Kinesin-1 regulates antigen cross-presentation through the scission of tubulations from early endosomes in dendritic cells

Abstract

Dendritic cells (DCs) constitute a specialized population of immune cells that present exogenous antigen (Ag) on major histocompatibility complex (MHC) class I molecules to initiate CD8+T cell responses against pathogens and tumours. Although cross-presentation depends critically on the trafficking of Ag-containing intracellular vesicular compartments, the molecular machinery that regulates vesicular transport is incompletely understood. Here, we demonstrate that mice lacking Kif5b (the heavy chain of kinesin-1) in their DCs exhibit a major impairment in cross-presentation and thus a poor in vivo anti-tumour response.
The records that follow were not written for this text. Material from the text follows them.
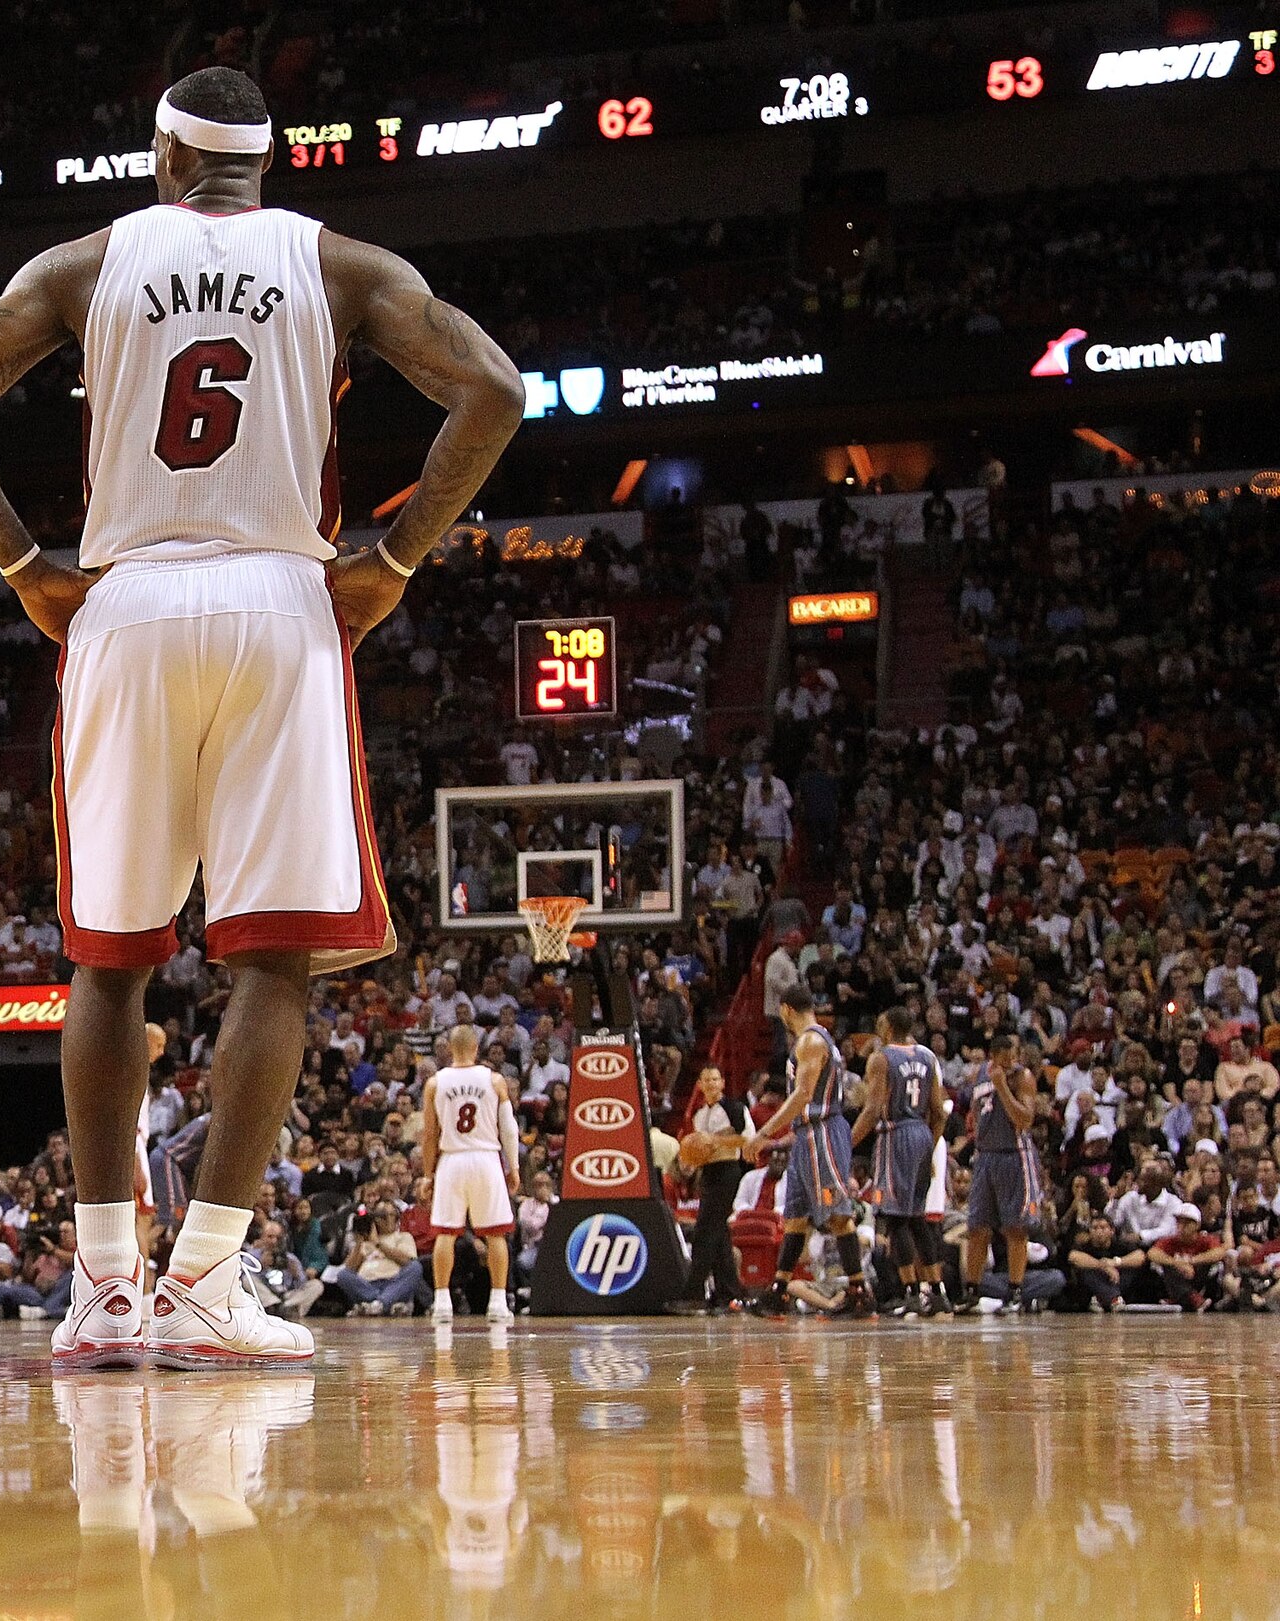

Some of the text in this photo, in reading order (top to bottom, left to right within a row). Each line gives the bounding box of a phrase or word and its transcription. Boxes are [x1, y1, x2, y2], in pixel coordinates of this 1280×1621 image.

[1249, 30, 1278, 50] TF
[1255, 50, 1275, 75] 3
[780, 73, 850, 106] 7:08
[987, 57, 1044, 100] 53
[376, 118, 402, 136] TF
[598, 97, 653, 139] 62
[761, 98, 848, 125] QUARTER
[417, 101, 563, 156] HEAT
[379, 137, 399, 161] 3
[143, 273, 284, 324] JAMES
[1085, 333, 1226, 372] Carnival
[152, 334, 254, 474] 6
[792, 597, 871, 619] BACARDI
[545, 628, 605, 659] 7:08
[536, 660, 598, 711] 24
[586, 1057, 621, 1073] KIA
[456, 1103, 477, 1134] 8
[585, 1105, 624, 1123] KIA
[583, 1160, 628, 1178] KIA
[577, 1214, 641, 1296] hp
We find that kinesin-1 critically regulates antigen cross-presentation in DCs, by controlling Ag degradation, the endosomal pH, and MHC-I recycling. Mechanistically, kinesin-1 appears to regulate early endosome maturation by allowing the scission of endosomal tubulations. Our results highlight kinesin-1's role as a molecular checkpoint that modulates the balance between antigen degradation and cross-presentation. Kinesin-1 is a motor protein transporting cargo along microtubules. Here the authors show that kinesin-1 is required for antigen cross-presentation and coordinates endosome scission from early endosomes to allow sorting internalized cargoes towards the recycling endosomal or lysosomal compartments.